Disability history is a recent notion for many. As a group, we have not been considered important enough to explore. This column is one attempt to correct that oversight, and publicize our shared past.

ADAPT’s action in Columbus in late 1999 is detailed elsewhere in this issue. Did you know that ADAPT is not the first disability organization to engage in these kinds of tactics? An earlier group was the New York League of the Physically Handicapped.

Historian Paul Longmore rediscovered the League in the late 1980s. Longmore, like most League members, had the Polio virus. Others had Cerebral Palsy, Tuberculosis or heart conditions. League members assembled when they discovered that New Deal policies, designed to combat the Great Depression, classified them as "unemployable." Adding insult to injury, these programs were inspired by President Franklin Delano Roosevelt, a wheelchair user himself.
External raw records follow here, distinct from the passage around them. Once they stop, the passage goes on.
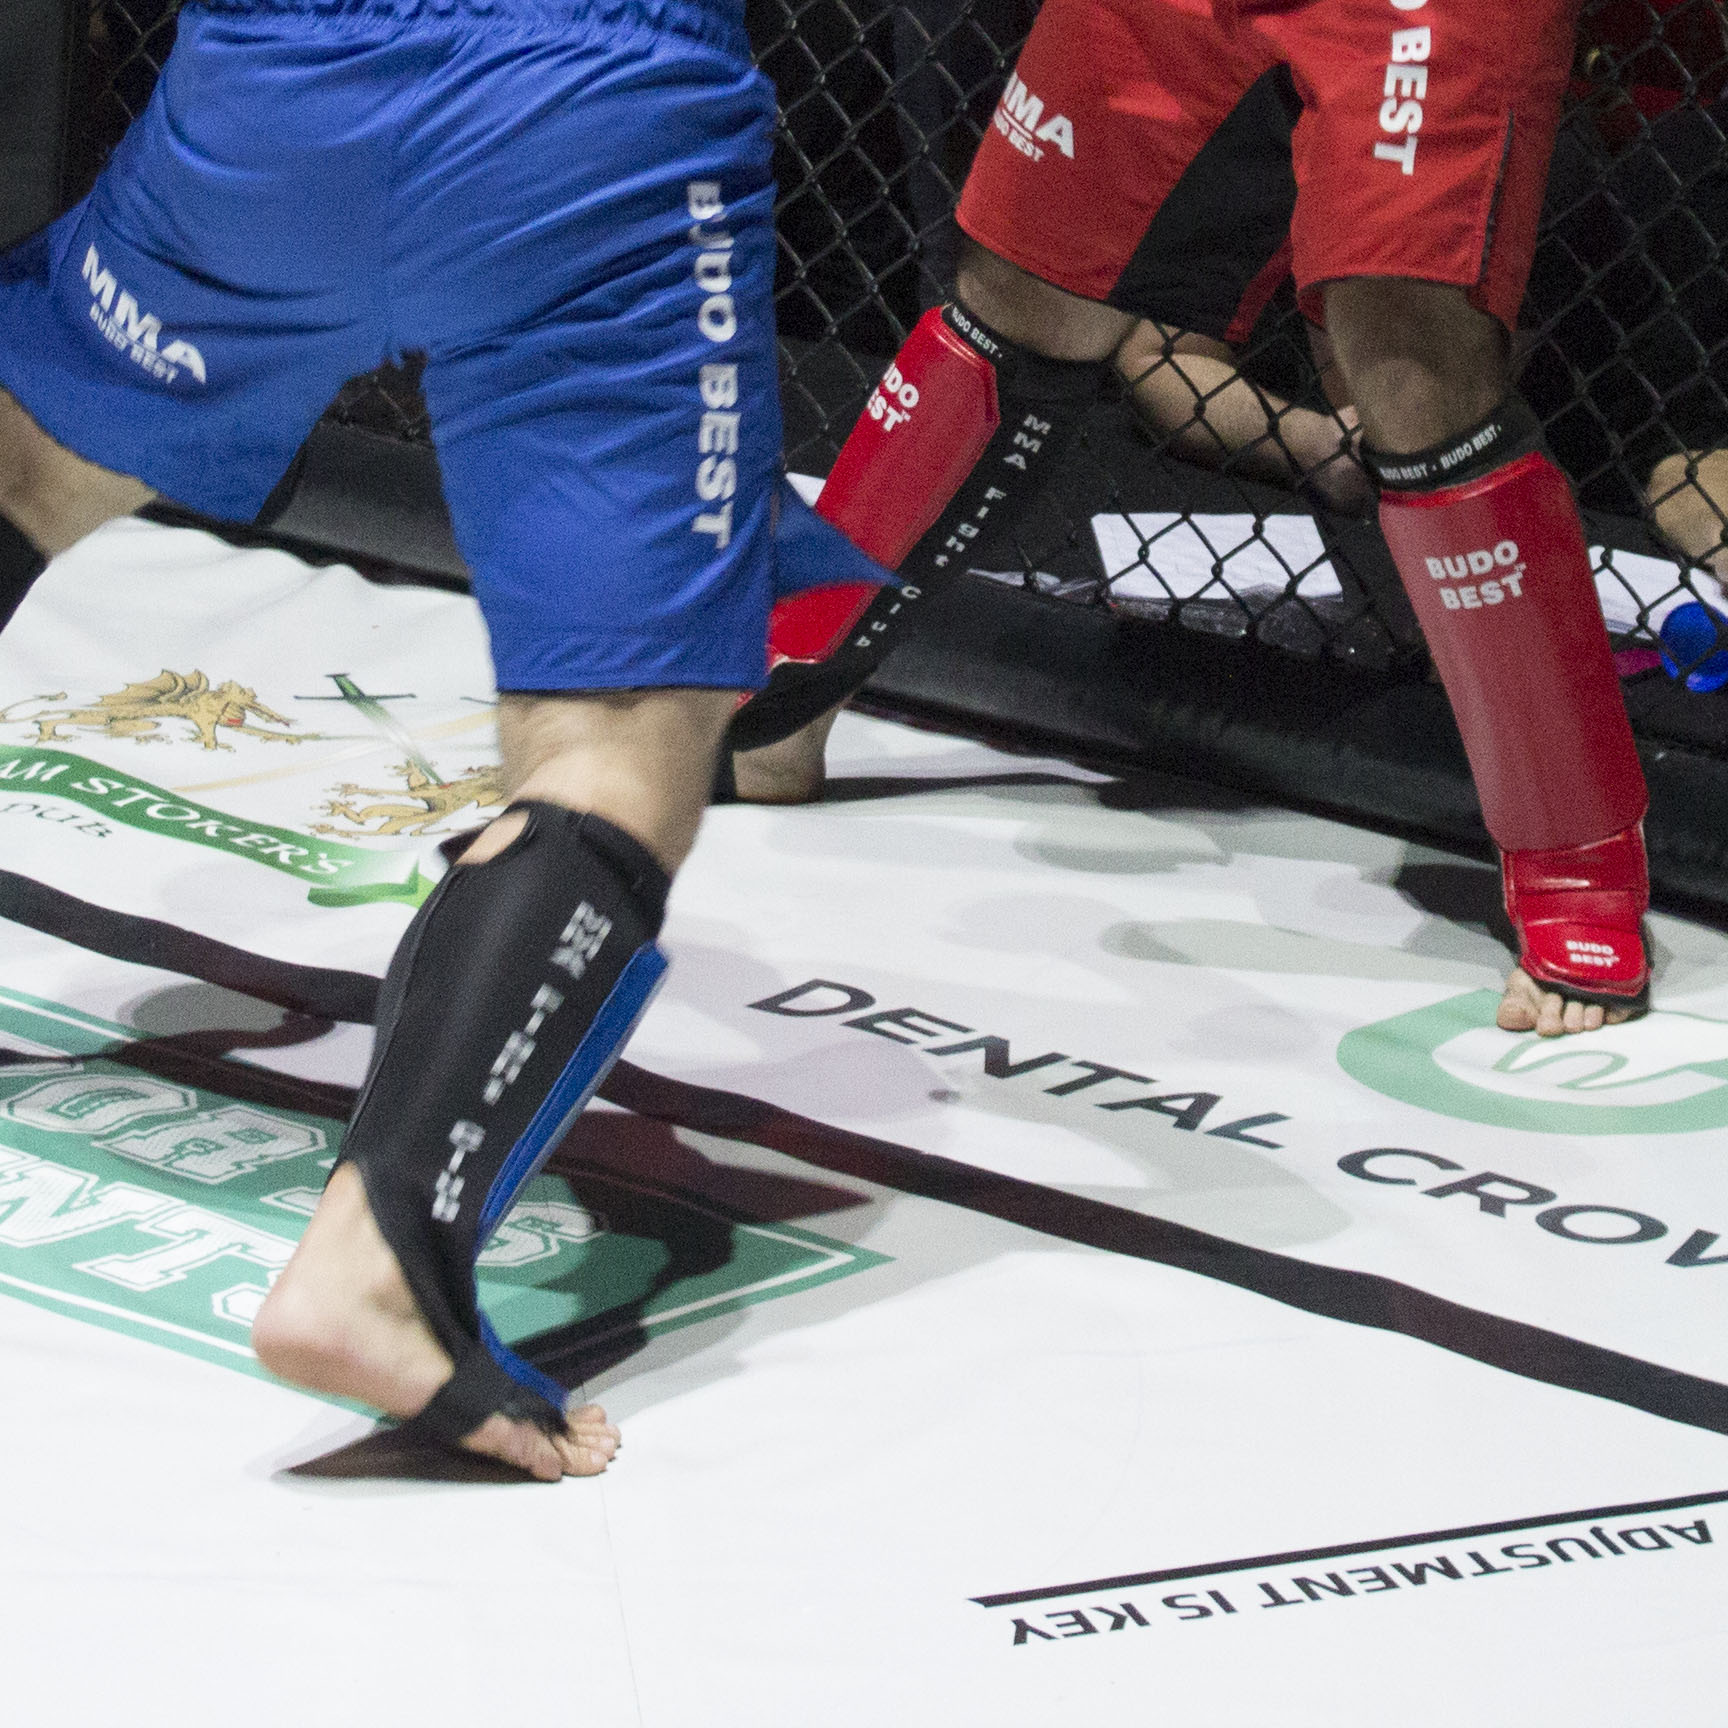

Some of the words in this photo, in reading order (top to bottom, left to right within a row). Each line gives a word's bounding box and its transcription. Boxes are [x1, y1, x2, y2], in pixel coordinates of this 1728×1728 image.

[1371, 25, 1431, 175] BEST
[81, 241, 208, 385] MMA
[692, 362, 741, 550] BEST
[1425, 538, 1520, 580] BUDO
[1439, 569, 1525, 610] BEST
[72, 774, 355, 876] STOKER'S
[746, 977, 1293, 1150] DENTAL
[1176, 1587, 1237, 1621] IS
[1261, 1516, 1715, 1609] ADJUSTMENT
[1007, 1597, 1152, 1647] KEY
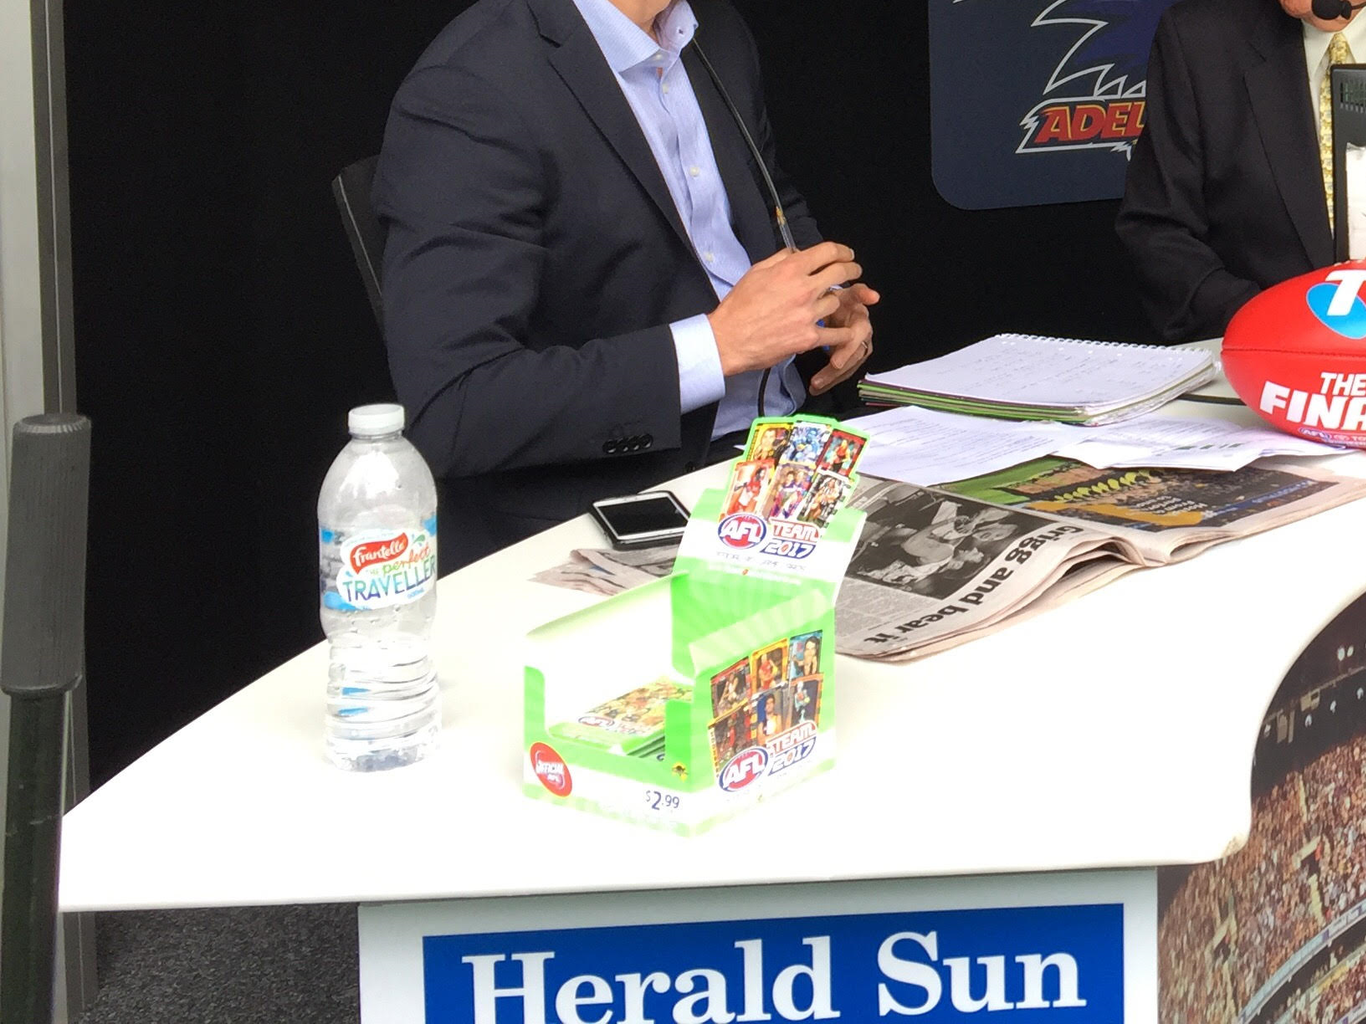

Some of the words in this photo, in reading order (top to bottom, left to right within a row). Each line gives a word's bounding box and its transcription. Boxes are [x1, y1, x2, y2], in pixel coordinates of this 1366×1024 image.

[719, 518, 763, 544] AFL
[772, 521, 818, 541] TEAM
[1005, 525, 1084, 565] Grigg
[763, 541, 815, 559] 2017
[342, 554, 436, 603] TRAVELLER
[958, 566, 1014, 606] and
[894, 604, 970, 635] bear
[863, 631, 899, 644] it
[722, 753, 765, 789] AFL
[770, 721, 816, 756] TEAM
[771, 739, 815, 773] 2017
[645, 790, 681, 811] $2.99
[461, 933, 841, 1024] Herald
[876, 930, 1088, 1019] Sun
Six League members entered a New York City agency in May, 1935 to discuss these discriminatory policies. The individual they wanted to see was out of town. Some League members refused to leave. Three League members remained in the building for nine days. Picketers with and without disabilities supported them outside the building. After three weeks, the group decided to organize formally.

Six months later, they conducted a three week picket at the New York headquarters of the Works Progress Administration (WPA), a primary New Deal employment agency. They demanded a just share of the millions of jobs being given out by the government. The WPA hired about forty League members. Skeptical League members believed this action was taken to squash the group. It gained momentum instead.

A year later, League members traveled to Washington, D.C. to meet with WPA leader Harry Hopkins. When informed that he was away, they voted to stay until he met with them. Three days later he did. Hopkins didn’t believe the League’s contention about the number of employable New Yorkers with disabilities. He requested an analysis that would disprove his belief, and then he promised he would take immediate action to correct these conditions.

The League presented Hopkins with its "Thesis on Conditions of Physically Handicapped," a ten-page document describing job discrimination in private and public sectors and recommending preferential civil service hiring of disabled veterans and handicapped civilians.

Hopkins ignored the thesis. The League, understandably dissatisfied with its Washington experiences, concentrated its energies in New York with varying degrees of success.

The League did get a number of people jobs. It did not achieve its goal of altering federal employment policies towards people with disabilities.

The League’s most lasting legacy may be its identification of social problems plaguing people with disabilities that remain with us still.